Rethinking the Exercise Selection Criteria

The process of rethinking exercise criteria has led to a complete revision of how I structure exercise selection and programming. People want to be healthier and generally more capable. They care about being happy with their bodies, not being in much physical pain, life tasks being easy to perform, mentally feeling they are in control of their life and destiny, and being proud of their appearance and accomplishments, and not dying any sooner than they have to. If that's the actual goal—a better quality of life—then simultaneously improving the greatest number of fitness attributes possible is our real aim.

Reexamining the Exercise Criteria and Developing Programming Criteria

By: Noah Hayden, BLOC Staff Coach

Quick introduction

There are countless exercises that have been devised for the human body and endless ways to organize them into a training program. For quite a while now, strength coaches like us have used the Three Exercise Criteria to help us decide which exercises belong in a comprehensive strength training regimen. The traditional Three Exercise Criteria assert that the exercises that best drive strength adaptations are those that (1) train the most muscle mass (2) over the longest effective range of motion and allow someone (3) to lift the most weight. While these have been very helpful in establishing a workable approach to exercise selection, I tend to think they could benefit from some elaboration.

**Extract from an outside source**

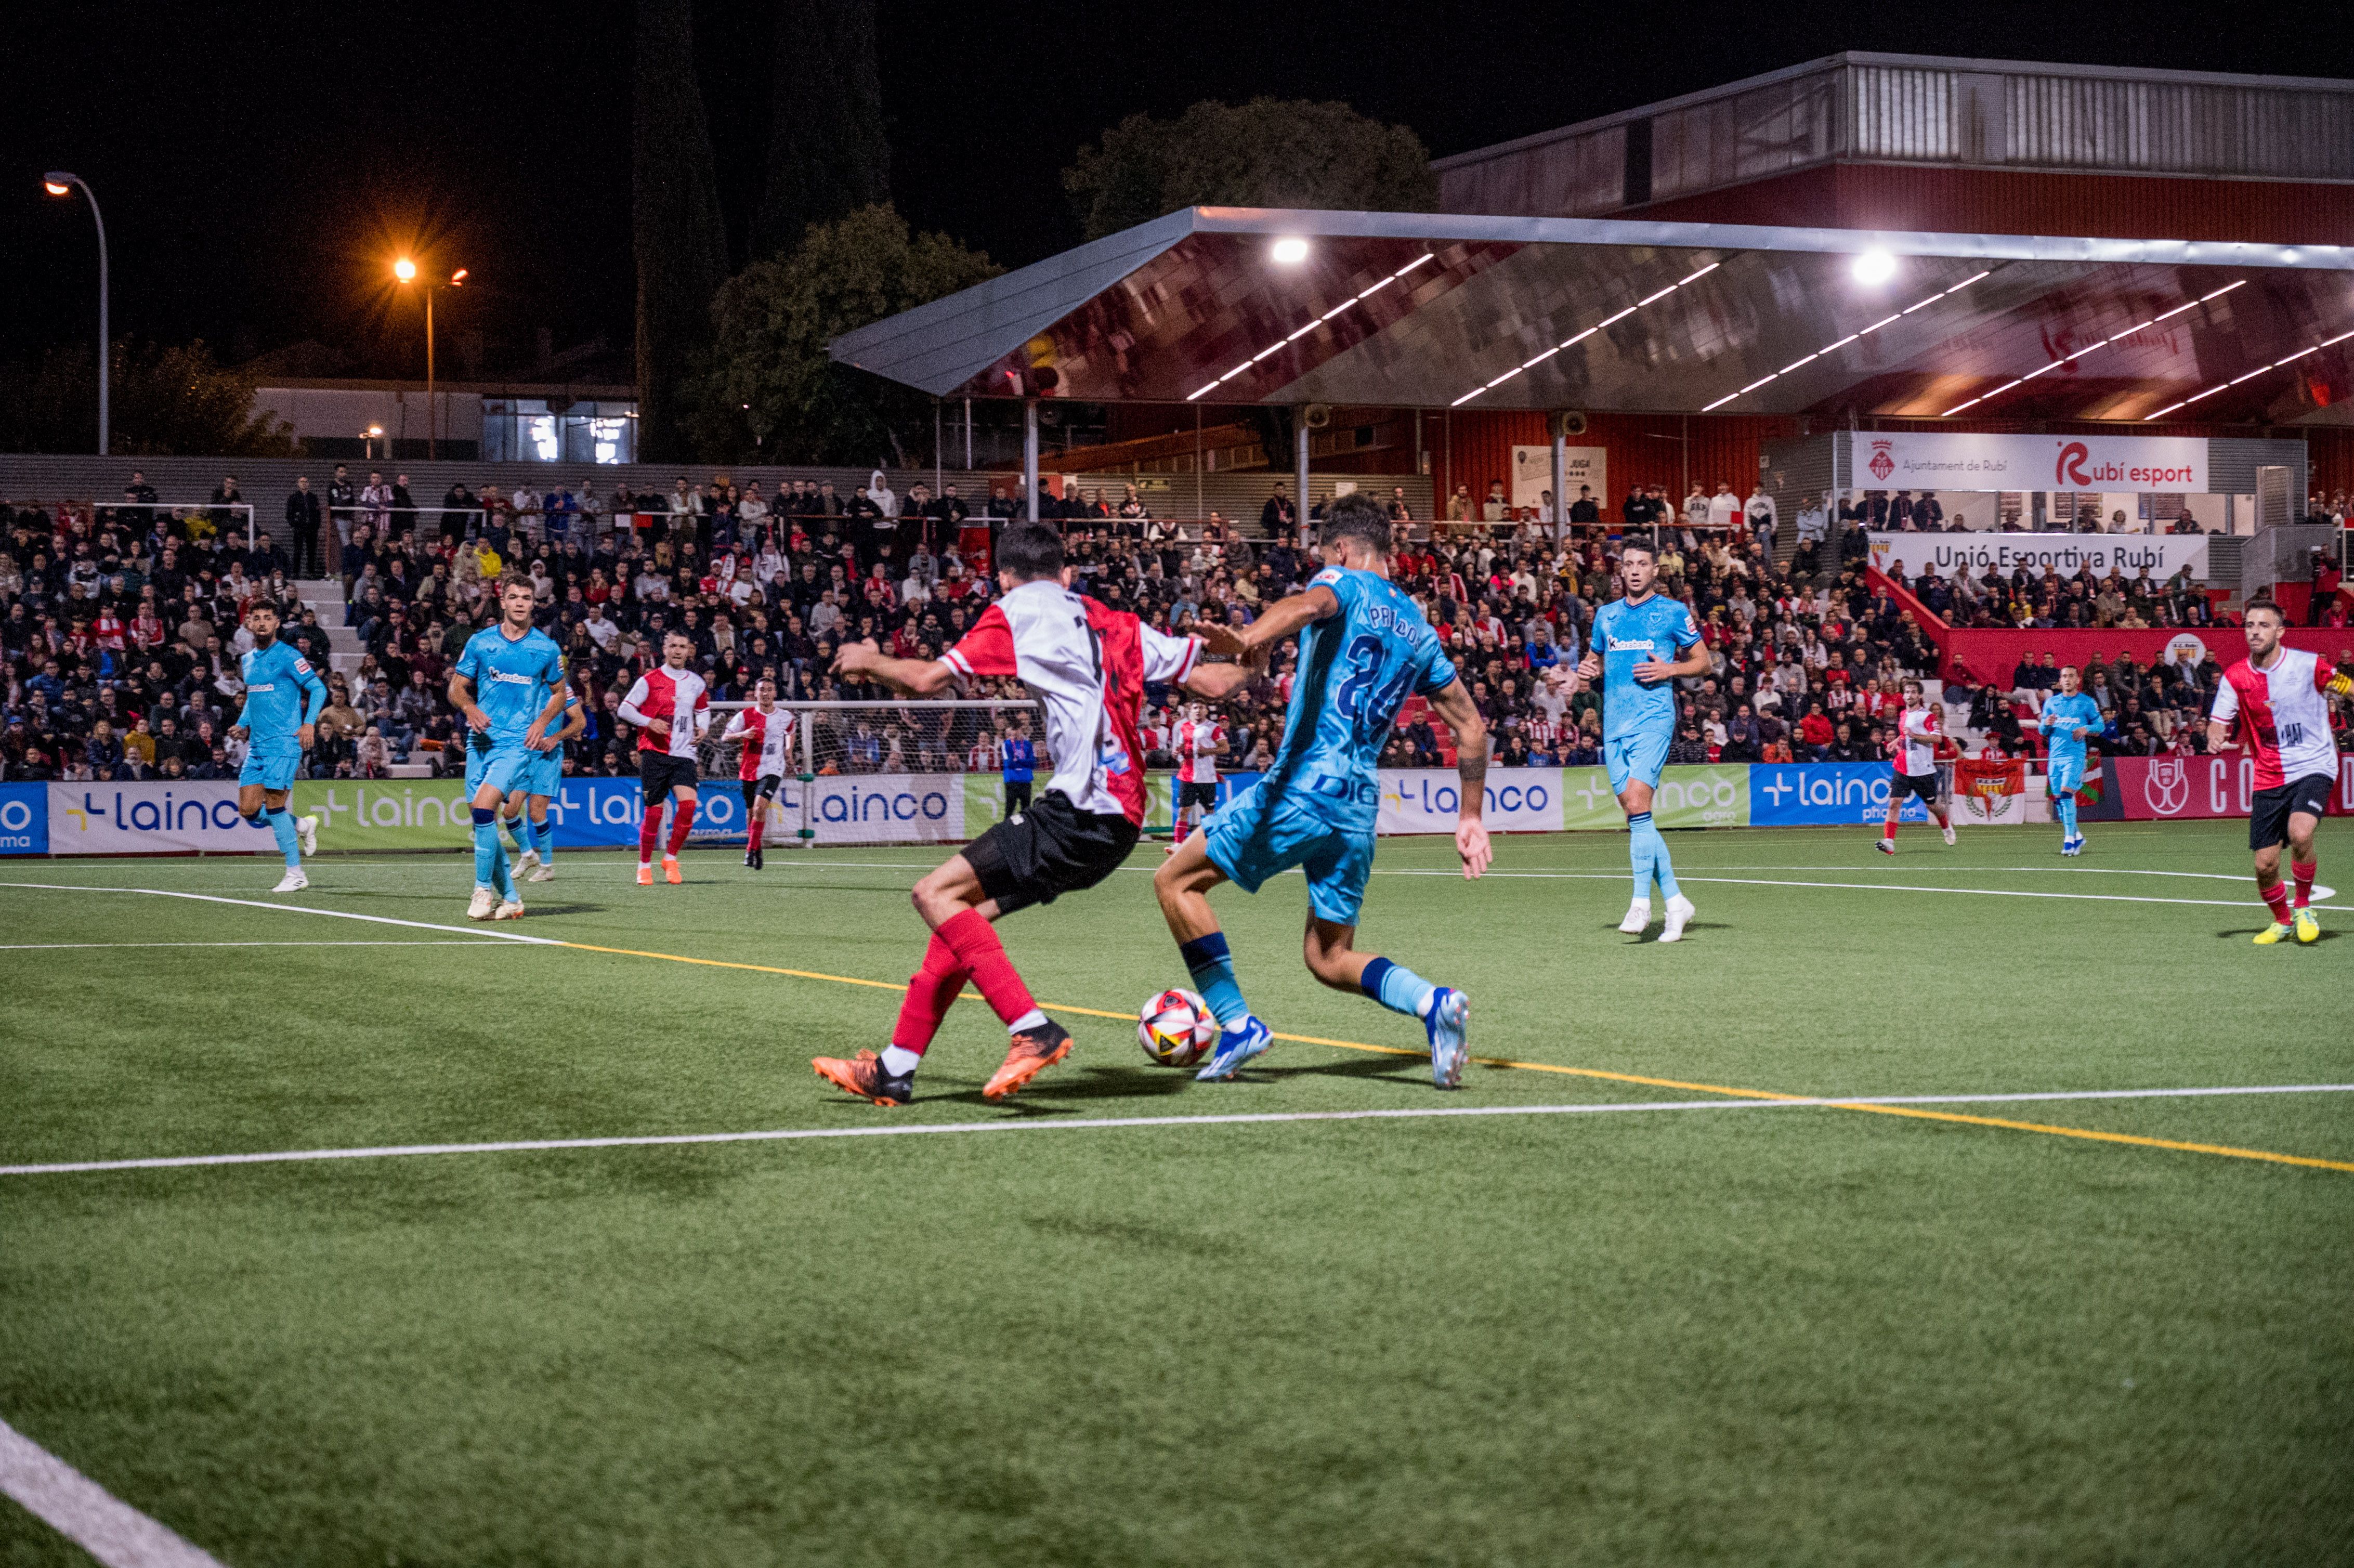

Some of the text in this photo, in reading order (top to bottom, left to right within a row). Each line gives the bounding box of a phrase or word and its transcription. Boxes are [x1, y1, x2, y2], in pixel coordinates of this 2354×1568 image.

The process of rethinking exercise criteria has led to a complete revision of how I structure exercise selection (and programming, to a lesser extent). Although this is still a work-in-progress, I brought the topic up in a recent podcast episode, so I thought it appropriate to elaborate on my ideas in an article.

Looking at the Fitness Attributes

Anytime you are examining long-held assumptions, it helps to start from scratch. What exactly is our goal with physical training? The default answer tends to be that the goal is to get people stronger. But why? When I’m selling the idea of strength training to clients, I point out that our training approach doesn’t just get you stronger; it simultaneously improves the largest number of fitness attributes possible. An average person off the street doesn’t really care if their squat increases by 100 pounds. They want to be healthier and, generally, more capable. They care about being happy with their bodies, not being in much physical pain, life tasks being easy to perform, mentally feeling they are in control of their life and destiny, and being proud of their appearance and accomplishments, and not dying any sooner than they have to. If that’s the actual goal—a better quality of life—then simultaneously improving the greatest number of fitness attributes possible is our real aim.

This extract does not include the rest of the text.